Alex Kantorowicz Buck

Universidade Estadual Paulista “Julio de Mesquita Filho” - UNESP alexbuck16@gmail.com

Resumo 

Acreditando na potência do encontro interdisciplinar, o presente trabalho problematiza a escuta musical no Brasil atual apoiando-se em duas pesquisas recentes que compartilham do mesmo objeto de estudo, a saber, os efeitos da alimentação de produtos industrializados e a consequente pandemia de obesidade. O documentário brasileiro ‘Muito Além do Peso’ e o livro ‘Salt, Fat, Sugar:  How de Giants of Food Hooked Us’  tratam da impotência da sociedade  - em escalas macro (políticas governamentais) e micro (orientação familiar) – no enfrentamento as ações das grandes corporações do segmento alimentício que manipulam as taxas de sal, açúcar e gordura dos alimentos (processo denominado ‘otimização’) como estratégia de sedução, captura e manutenção de consumidores.[pic 1]

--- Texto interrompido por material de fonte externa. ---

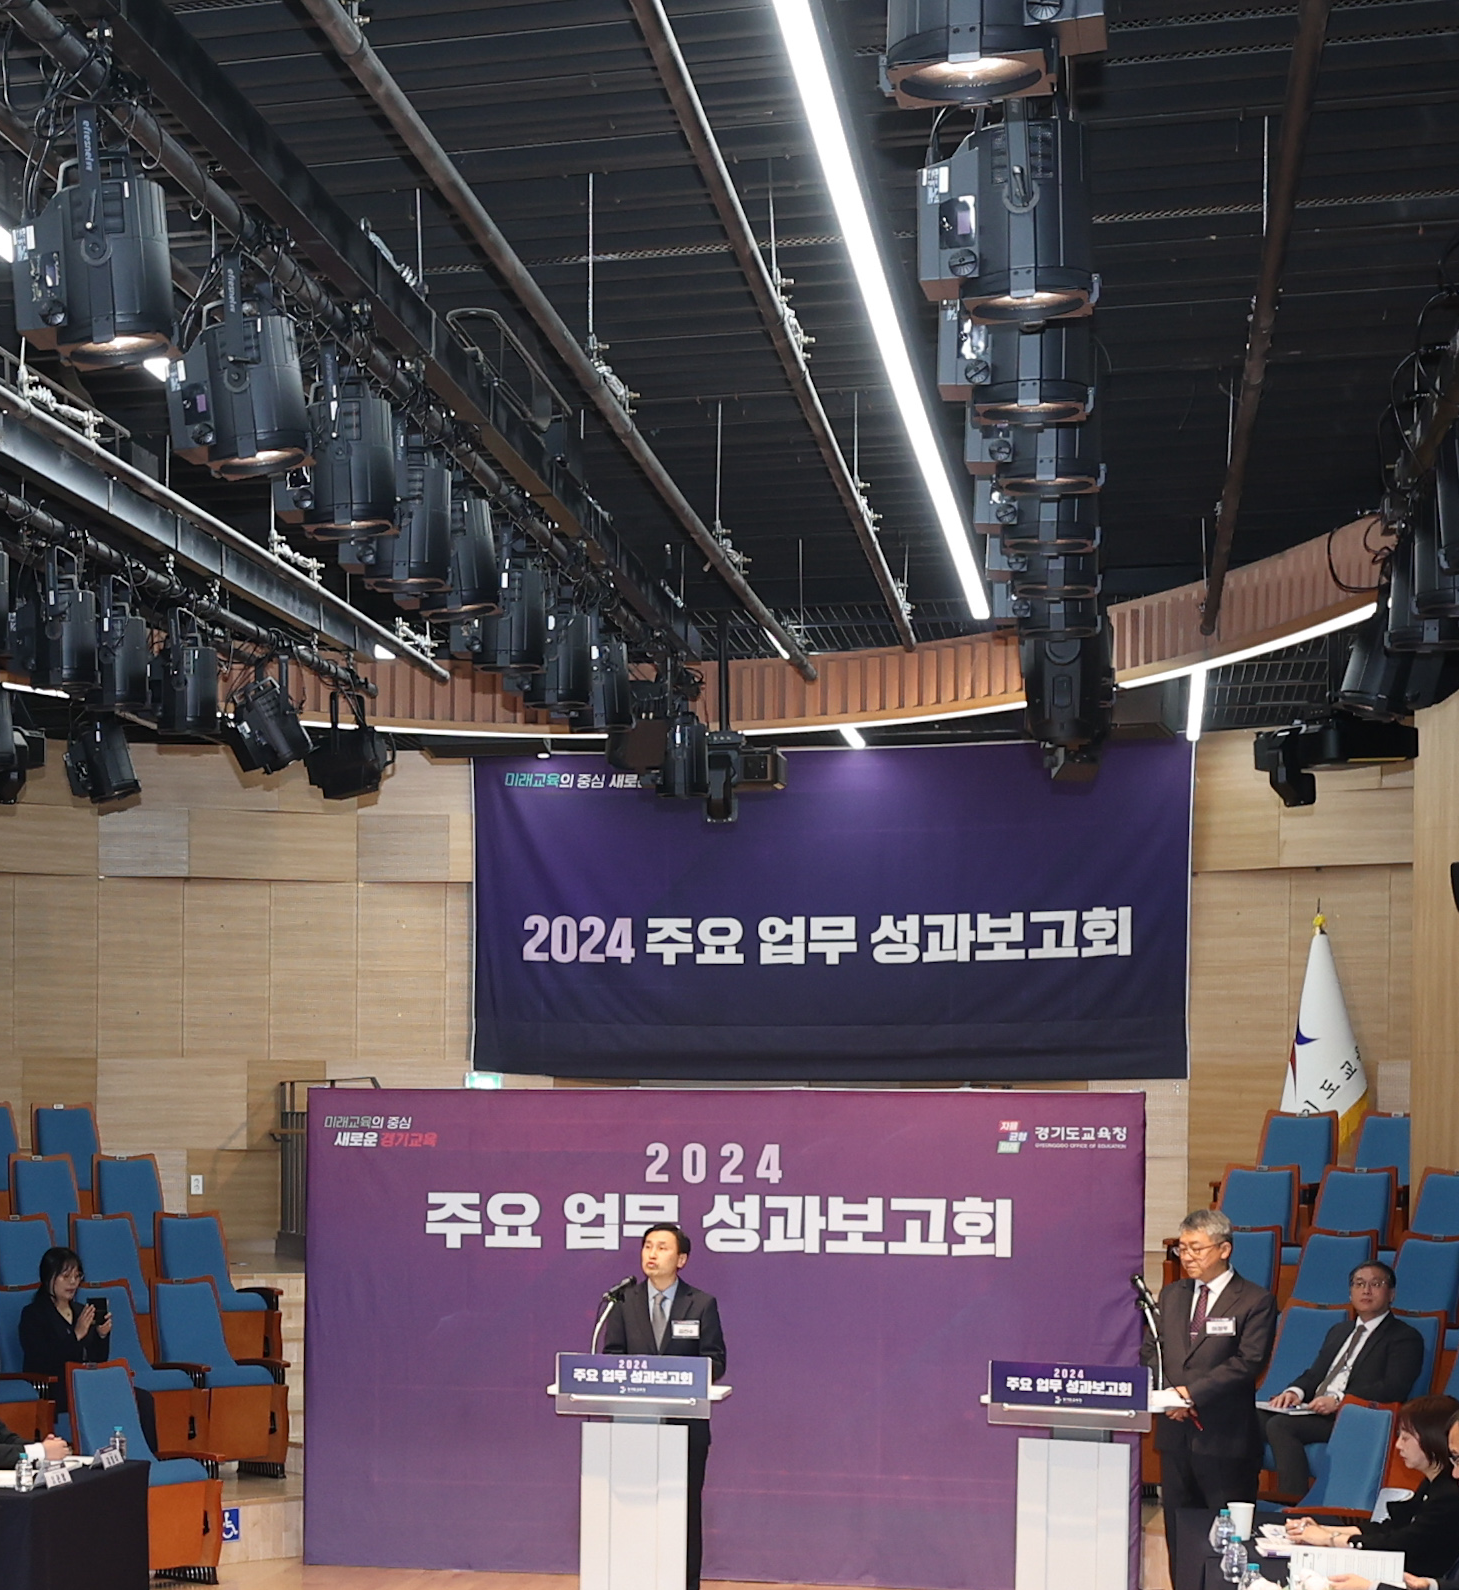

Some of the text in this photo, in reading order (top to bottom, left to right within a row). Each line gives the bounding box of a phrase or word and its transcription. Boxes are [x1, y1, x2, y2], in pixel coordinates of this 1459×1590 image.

[504, 772, 643, 788] 미래교육의 중심 새로
[522, 906, 1133, 965] 2024 주요 업무 성과보고회
[324, 1115, 412, 1129] 미래교육의 중심
[334, 1132, 438, 1147] 새로운 경기교육
[1034, 1126, 1127, 1141] 경기도교육청
[645, 1143, 783, 1184] 2024
[425, 1191, 1012, 1258] 주요 업무 성과보고회
[618, 1359, 648, 1370] 2024
[573, 1368, 693, 1385] 주요 업무 성과보고회
[1053, 1368, 1085, 1379] 2024
[1006, 1377, 1132, 1397] 주요 업무 성과보고회

A questão principal deste trabalho se faz a partir da observação de que um hit1 musical é elaborado com a mesma finalidade com que são sintetizados os alimentos industrializados: existe uma intenção comercial evidente, a de se efetuar e “contaminar” o maior número de pessoas. Em música, o sal, a gordura e o açúcar parecem ser substituídos por padrões tonais simples, métricas binárias, pulsos regulares, discursos curtos, letras fáceis de se decorar e compreender.

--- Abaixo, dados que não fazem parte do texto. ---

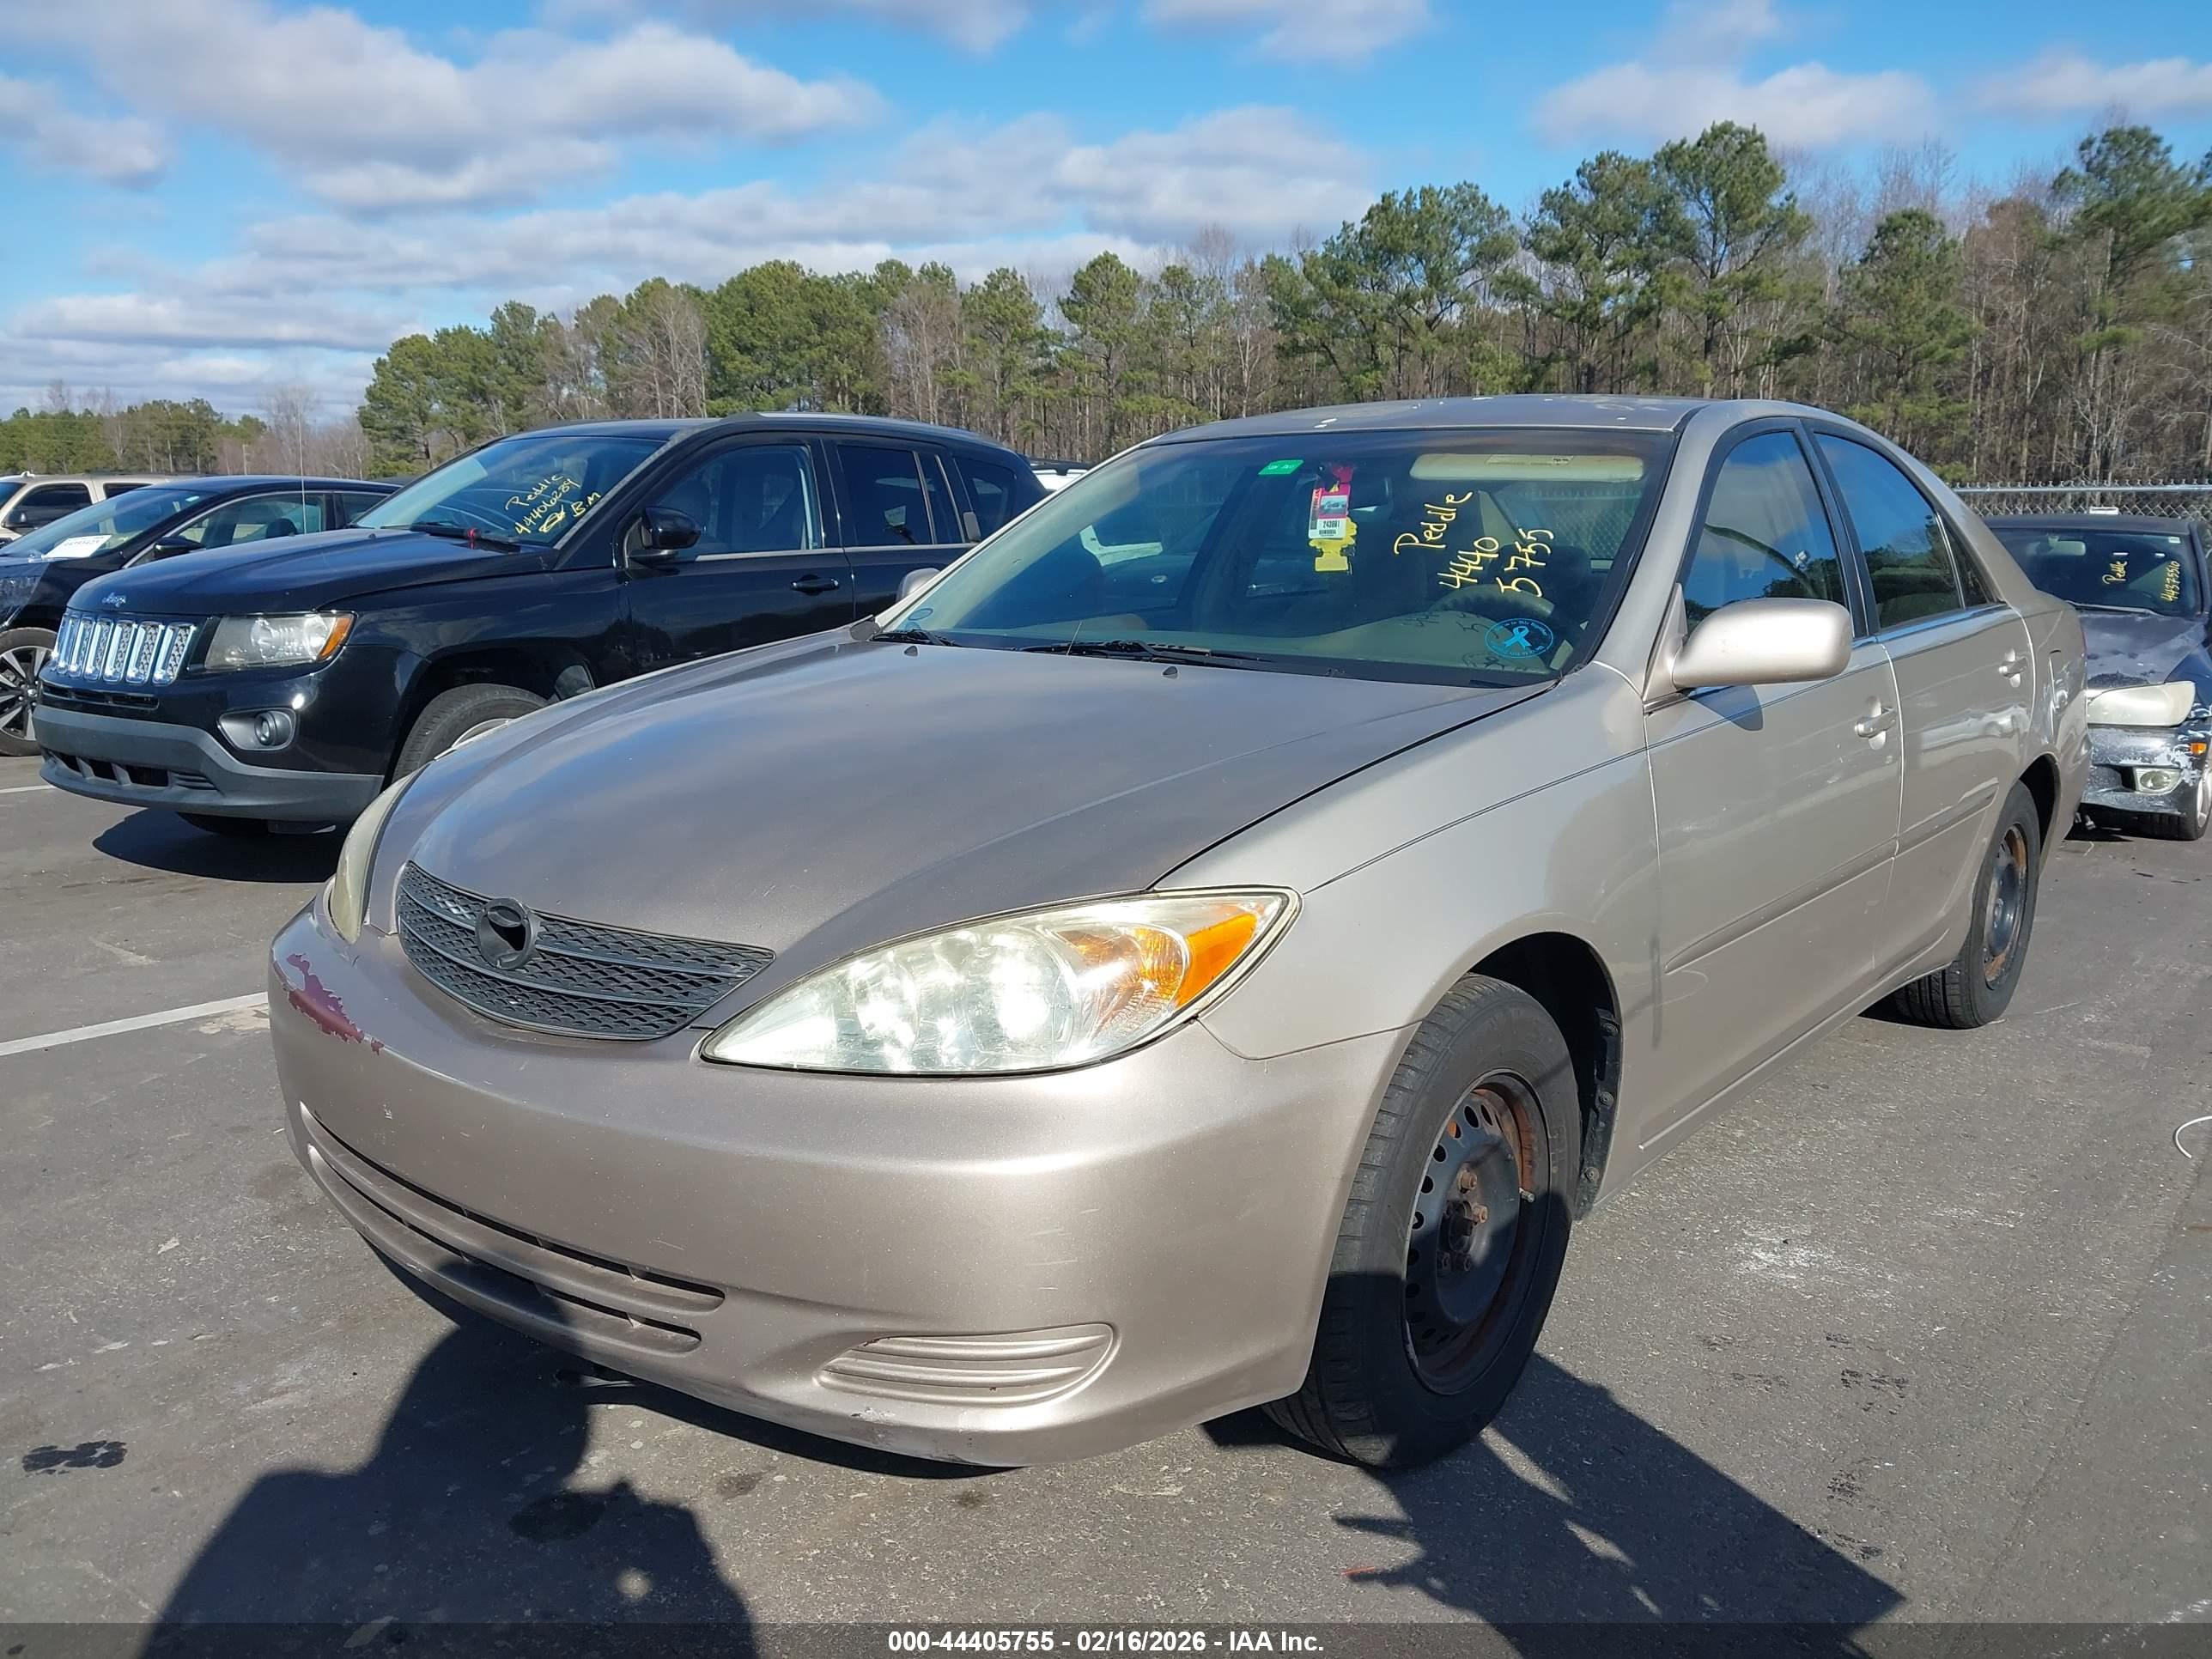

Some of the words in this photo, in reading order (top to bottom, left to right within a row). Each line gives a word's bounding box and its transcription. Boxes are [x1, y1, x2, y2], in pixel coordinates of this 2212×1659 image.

[1394, 491, 1473, 554] Peddle
[1437, 537, 1499, 589] 4440
[1496, 528, 1554, 598] 5755

Encontrados os denominadores comuns entre a maioria da produção de músicas comerciais pode-se especular sobre os efeitos da presença hegemônica deste tipo de música nos meios de comunicação de massa no Brasil, além da possível existência de efeitos maléficos à saúde quando da exposição a estas músicas grudentas e descartáveis que cotidianamente são lançadas pelos diferentes tipos de mídia.

Palavras-chave

hit1 musical, jingle, indústria musical, indústria alimentícia, junk music, junk food

Introdução: a Analogia entre junk food e junk music

Duas pesquisas recentemente lançadas que tratam da produção e consumo de alimentos industrializados, nos servem como base para problematizar a escuta musical no Brasil atual. A primeira destas pesquisas (MOSS, 2013) nos apresenta em detalhes como se dão as estratégias dos químicos contratados pelas empresas do segmento alimentício para a elaboração dos diversos tipos de alimentos industrializados.

A outra pesquisa, uma produção nacional em forma de vídeo-documentário (RENNER, 2010), trata dos efeitos do consumo em excesso desses produtos, sobretudo pelo público infantil, relacionando tais efeitos à pandemia de obesidade que se espalha por diversos países industrializados. Inúmeras doenças provocadas pelo sobrepeso - tais como diabetes, problemas no coração ou desnutrição - vêm aumentando as taxas de mortalidade e diminuindo a expectativa de vida das novas gerações.

Trata-se de um problema muito complexo e sua raiz encontra-se na maneira como  as empresas do segmento alimentício construíram seu modelo de negócio: encaram a sociedade como um coletivo de pessoas  potenciais consumidoras; o objetivo destas empresas seria o de persuadir os consumidores a comprarem seus produtos e para isso investem muitos recursos em publicidade e em pesquisas para elaborar alimentos saborosos e viciantes.

Com efeito, a junk food tomou conta das prateleiras de supermercados, lojas de conveniência, da grande maioria dos estabelecimentos destinados à comercialização de alimentos. O acesso a esse tipo de alimento tornou-se muito fácil. Tais produtos são baratos, prontos para o consumo, com sabores atrativos mas de qualidade questionável pois não possuem os valores nutricionais que o organismo humano necessita.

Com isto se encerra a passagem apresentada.